BEGIN RECORDS FOR THE TASK

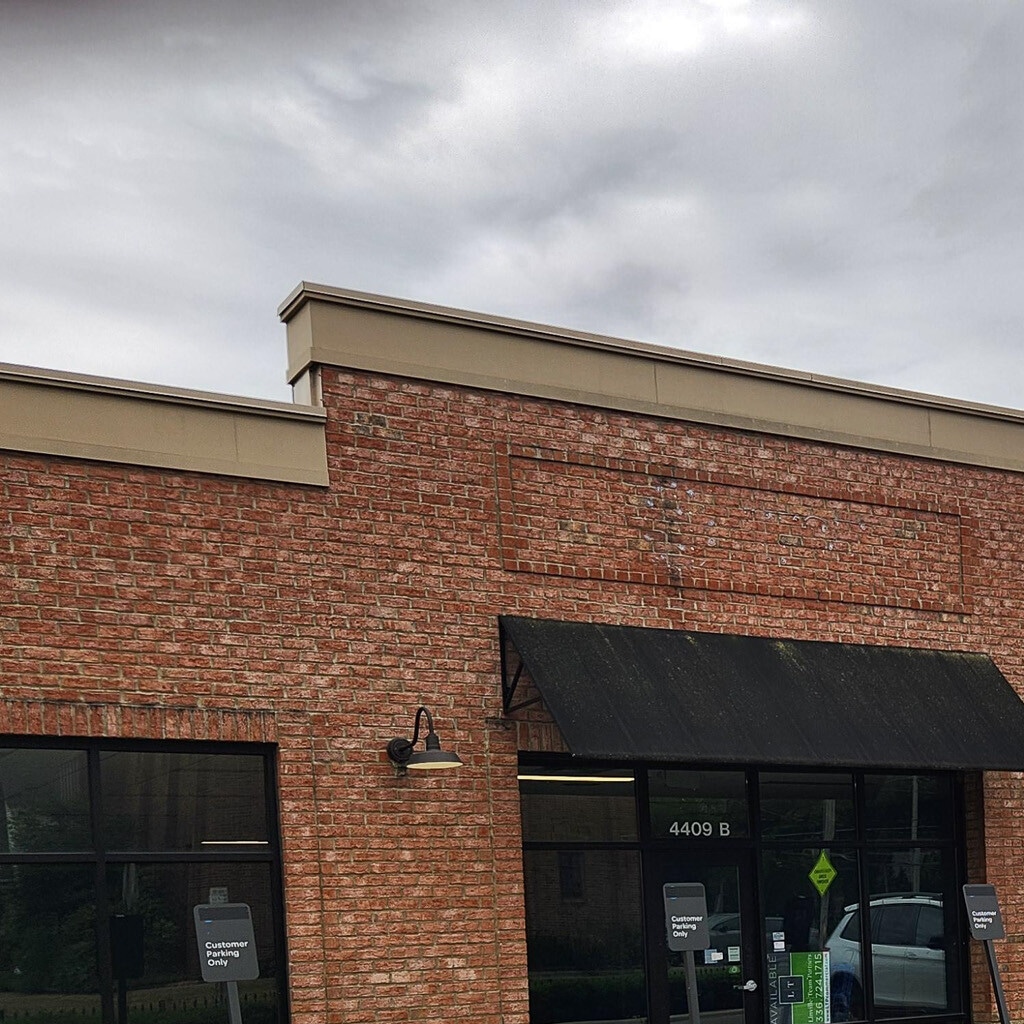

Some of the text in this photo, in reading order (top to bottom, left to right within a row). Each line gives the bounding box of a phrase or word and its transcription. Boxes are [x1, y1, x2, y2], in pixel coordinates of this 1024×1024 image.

[669, 821, 730, 836] 4409 B
[672, 922, 697, 931] Parking
[672, 930, 688, 938] Only
[205, 941, 249, 949] Customer
[206, 949, 240, 958] Parking
[207, 958, 228, 967] Only
[814, 953, 824, 1023] 336.724.1715

END RECORDS FOR THE TASK

→ YOUR INSTRUCTIONS: Return all the data above as written, leaving out only the pictures.

→ ANSWER SECTION:
Some of the text in this photo, in reading order (top to bottom, left to right within a row). Each line gives the bounding box of a phrase or word and its transcription. Boxes are [x1, y1, x2, y2], in pixel coordinates of this 1024×1024 image.

[669, 821, 730, 836] 4409 B
[672, 922, 697, 931] Parking
[672, 930, 688, 938] Only
[205, 941, 249, 949] Customer
[206, 949, 240, 958] Parking
[207, 958, 228, 967] Only
[814, 953, 824, 1023] 336.724.1715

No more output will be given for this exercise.